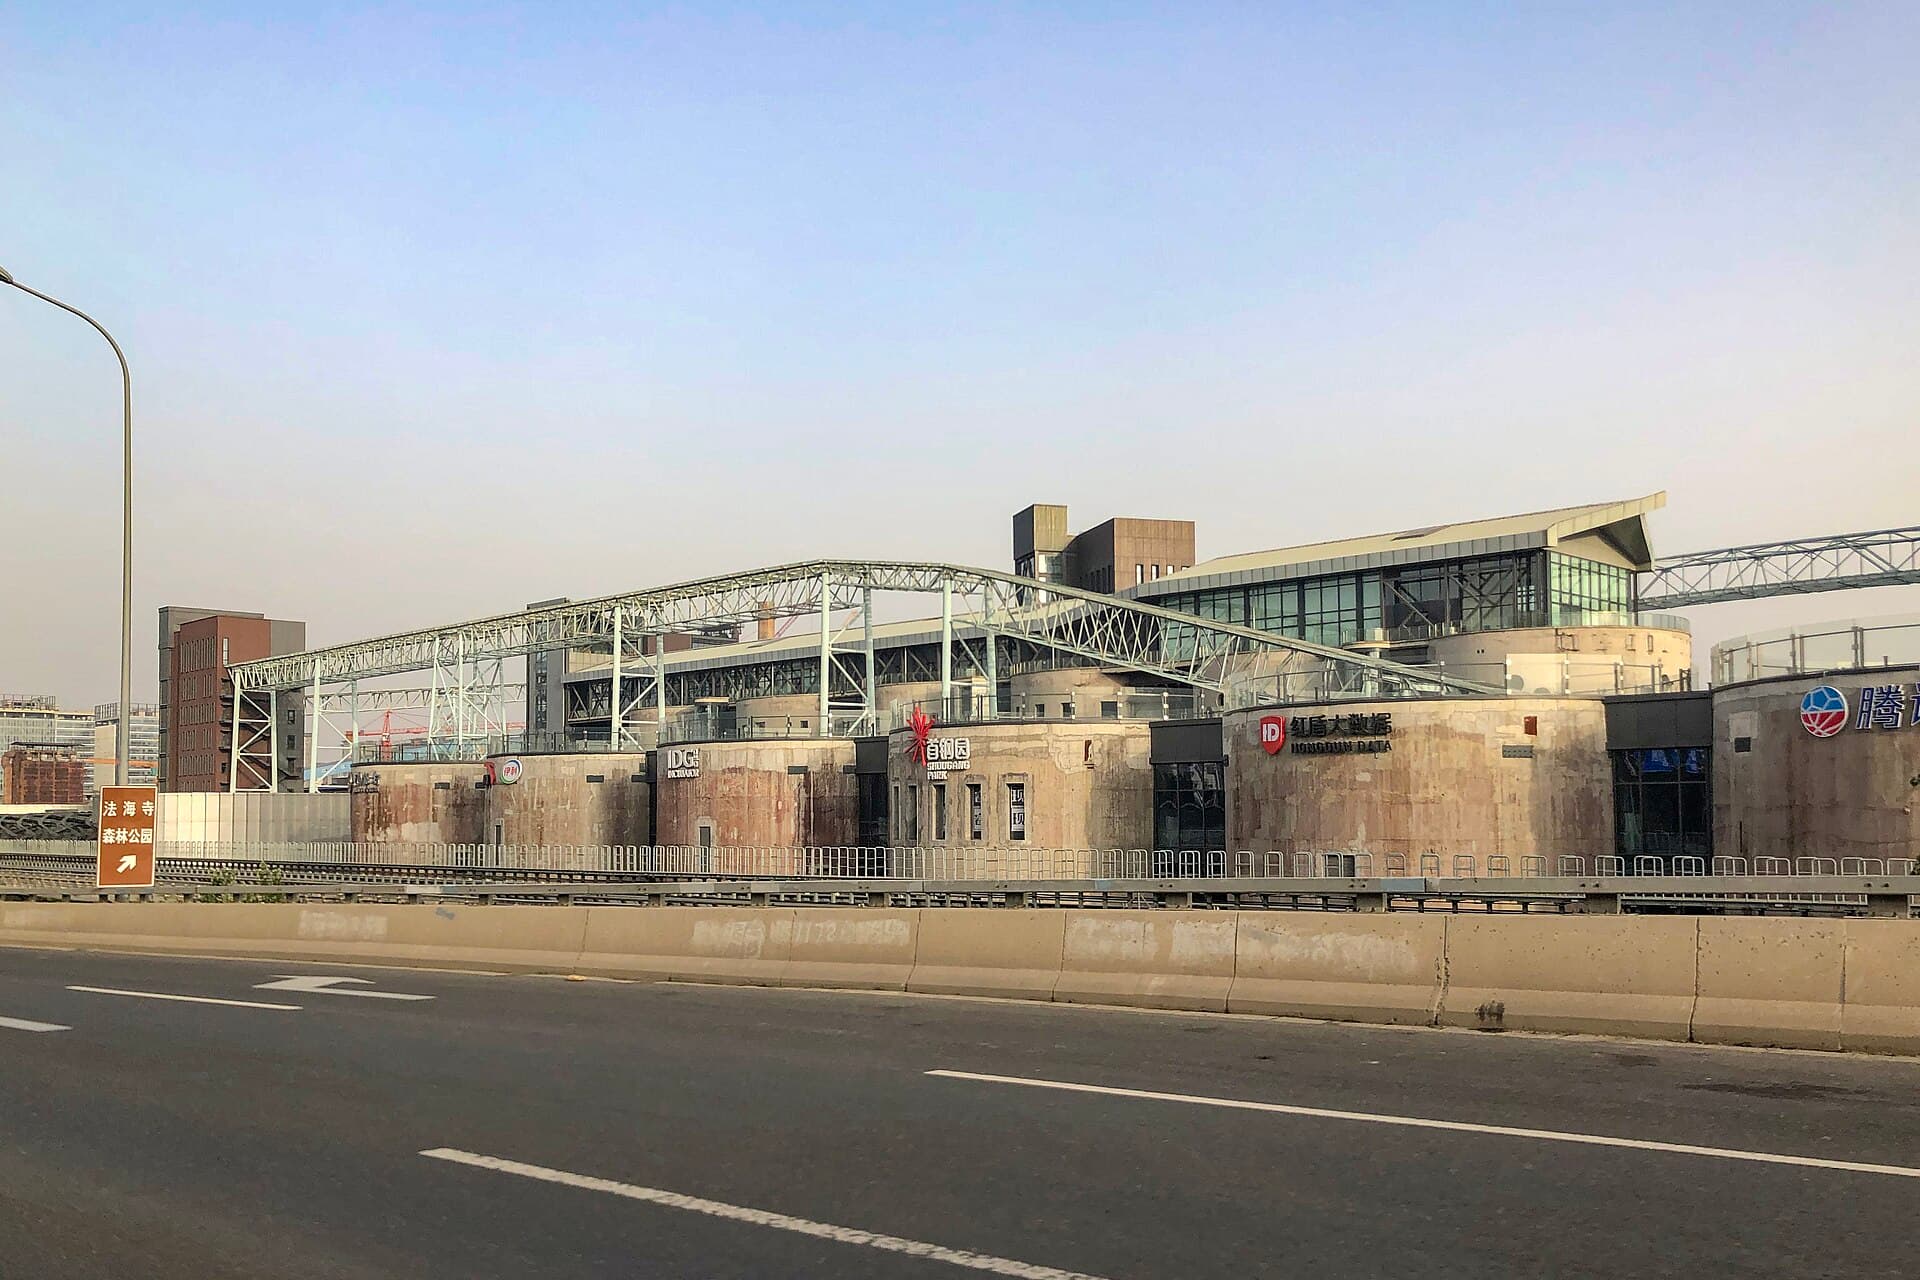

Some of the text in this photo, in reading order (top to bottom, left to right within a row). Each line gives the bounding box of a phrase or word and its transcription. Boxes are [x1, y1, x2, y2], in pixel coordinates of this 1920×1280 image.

[1290, 712, 1392, 737] 红盾大数据
[927, 738, 970, 760] 首钢园
[1291, 740, 1392, 753] HONGDUN DATA
[668, 749, 694, 768] IDG
[927, 761, 970, 770] SHOUGANG
[928, 771, 948, 779] PARK
[103, 800, 154, 817] 法海寺
[102, 828, 153, 844] 森林公园
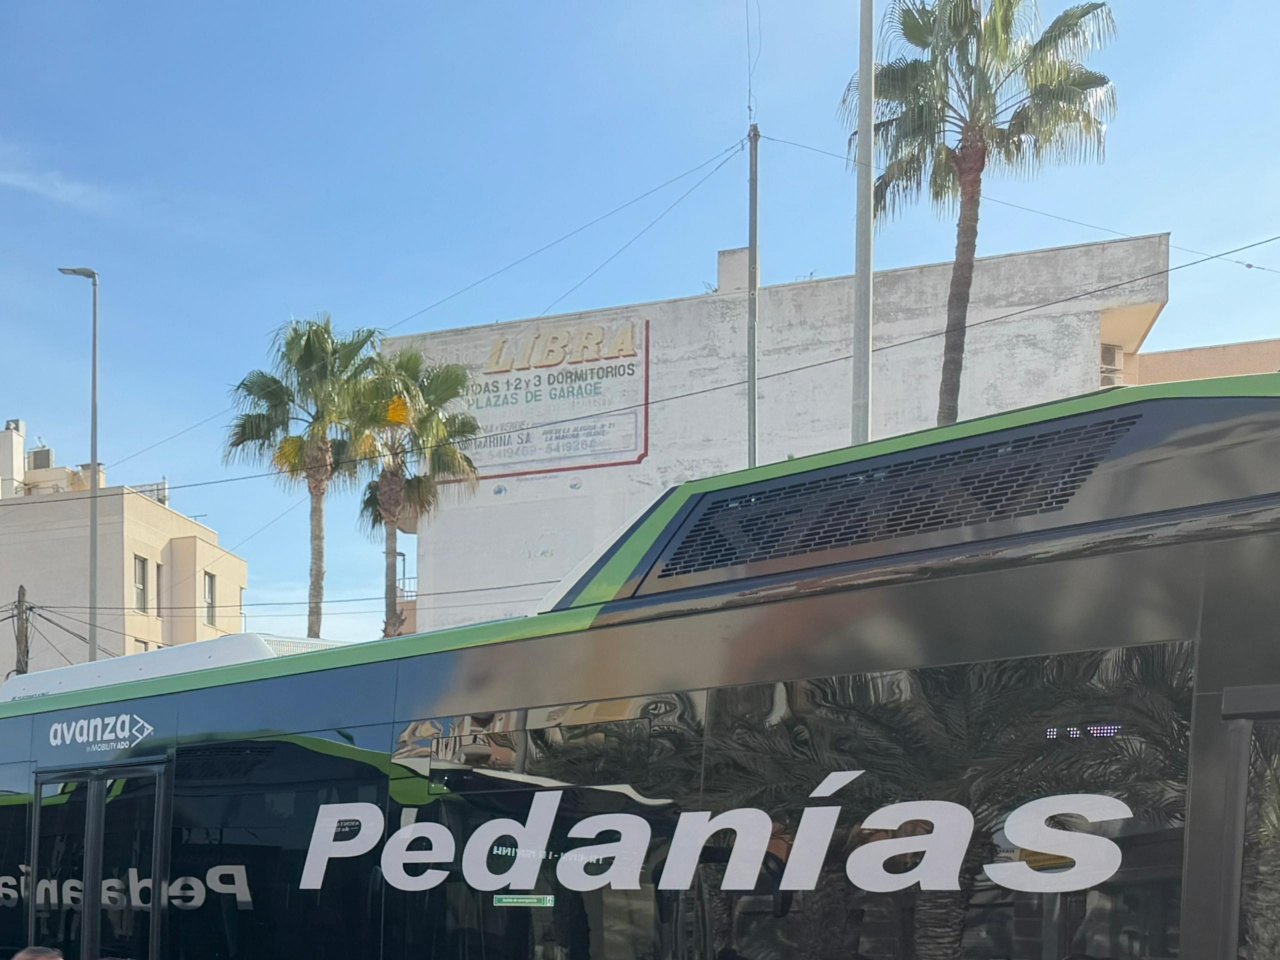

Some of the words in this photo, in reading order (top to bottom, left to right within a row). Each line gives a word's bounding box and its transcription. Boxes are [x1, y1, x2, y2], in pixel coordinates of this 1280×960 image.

....

» **WORK REQUIRED**
Apart from the pictures, write every entry out again exactly.

» **REPLY**
Some of the text in this photo, in reading order (top to bottom, left to right within a row). Each line gives the bounding box of a phrase or word and its transcription. Boxes are [x1, y1, x2, y2], in pixel coordinates of this 1920×1280 image.

[1290, 712, 1392, 737] 红盾大数据
[927, 738, 970, 760] 首钢园
[1291, 740, 1392, 753] HONGDUN DATA
[668, 749, 694, 768] IDG
[927, 761, 970, 770] SHOUGANG
[928, 771, 948, 779] PARK
[103, 800, 154, 817] 法海寺
[102, 828, 153, 844] 森林公园

Some of the words in this photo, in reading order (top to bottom, left to right within a row). Each line gives a word's bounding box and its transcription. Boxes are [x1, y1, x2, y2], in pixel coordinates of this 1280×960 image.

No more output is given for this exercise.